(SUPPLIED DATA)

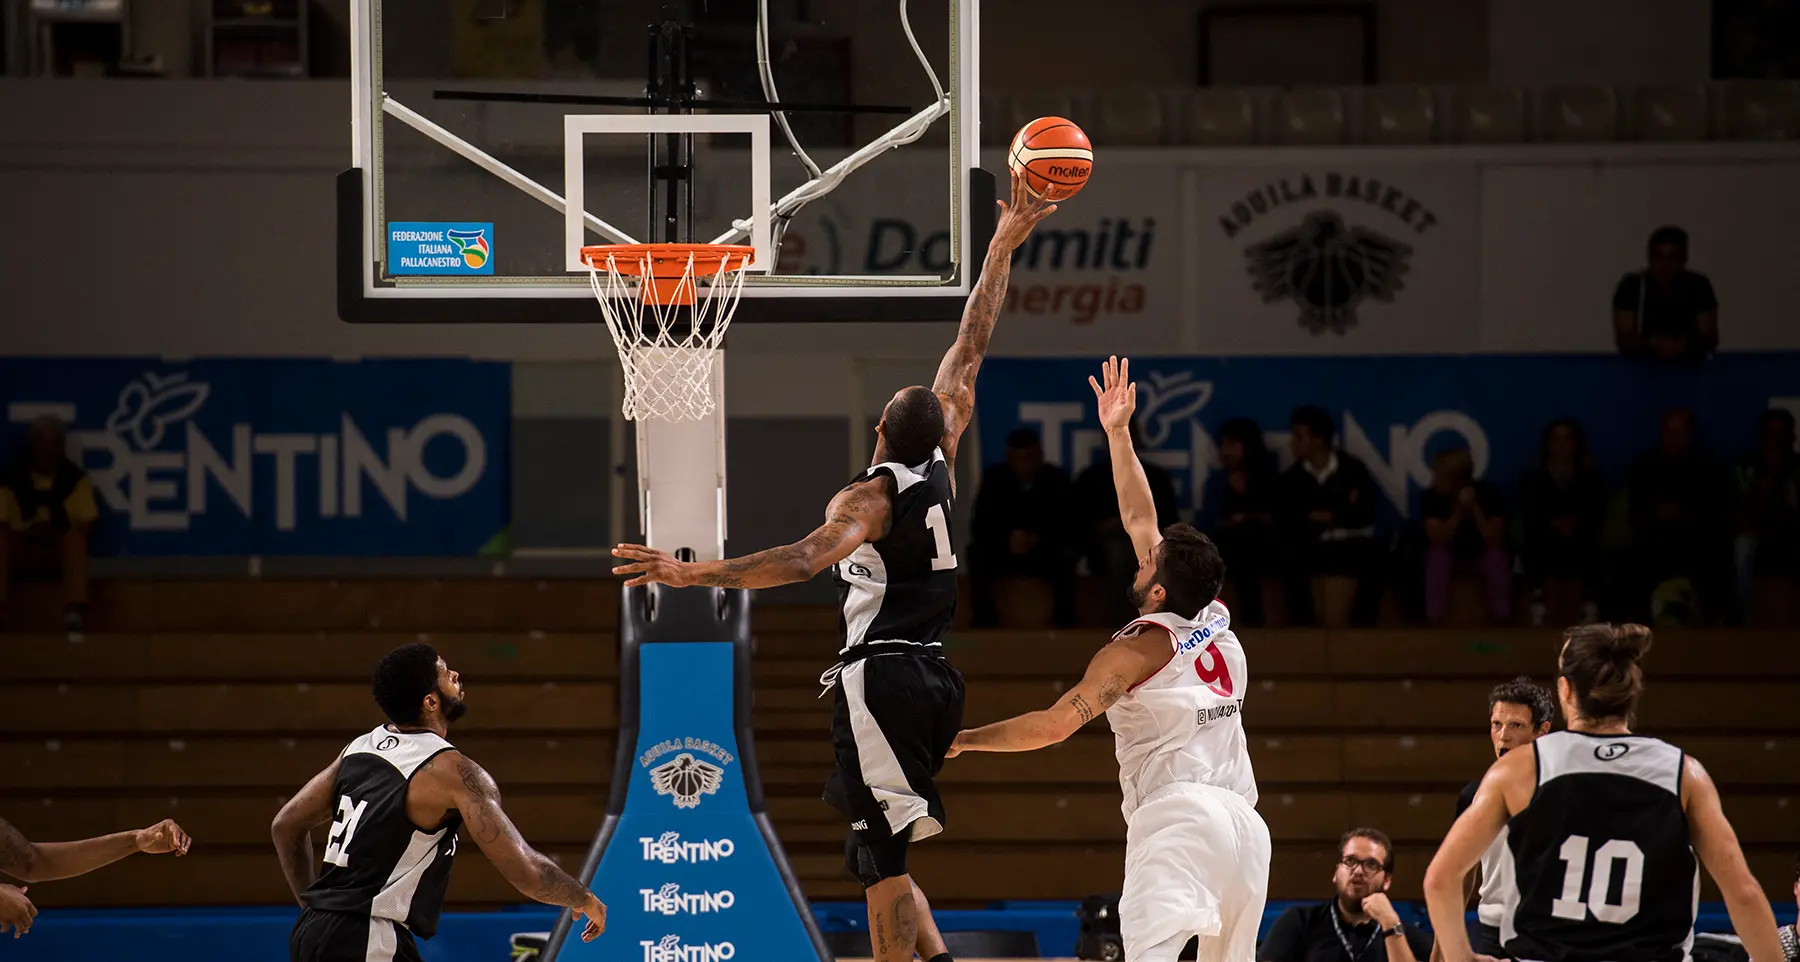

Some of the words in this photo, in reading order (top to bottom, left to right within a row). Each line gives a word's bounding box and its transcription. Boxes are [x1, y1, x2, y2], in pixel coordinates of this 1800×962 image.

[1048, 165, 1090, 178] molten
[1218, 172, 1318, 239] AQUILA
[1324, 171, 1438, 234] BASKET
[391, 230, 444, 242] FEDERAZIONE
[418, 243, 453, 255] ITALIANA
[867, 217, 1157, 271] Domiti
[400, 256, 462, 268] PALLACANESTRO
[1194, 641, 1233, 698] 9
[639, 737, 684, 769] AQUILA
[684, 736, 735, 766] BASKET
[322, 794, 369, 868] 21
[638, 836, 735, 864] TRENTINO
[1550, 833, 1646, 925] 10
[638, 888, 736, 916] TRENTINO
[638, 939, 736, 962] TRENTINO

(End SUPPLIED DATA)

From the first line to the last, repeat the records exactly. Leave out the pictures.

**REPLY TO THE TASK**
Some of the words in this photo, in reading order (top to bottom, left to right within a row). Each line gives a word's bounding box and its transcription. Boxes are [x1, y1, x2, y2], in pixel coordinates of this 1800×962 image.

[1048, 165, 1090, 178] molten
[1218, 172, 1318, 239] AQUILA
[1324, 171, 1438, 234] BASKET
[391, 230, 444, 242] FEDERAZIONE
[418, 243, 453, 255] ITALIANA
[867, 217, 1157, 271] Domiti
[400, 256, 462, 268] PALLACANESTRO
[1194, 641, 1233, 698] 9
[639, 737, 684, 769] AQUILA
[684, 736, 735, 766] BASKET
[322, 794, 369, 868] 21
[638, 836, 735, 864] TRENTINO
[1550, 833, 1646, 925] 10
[638, 888, 736, 916] TRENTINO
[638, 939, 736, 962] TRENTINO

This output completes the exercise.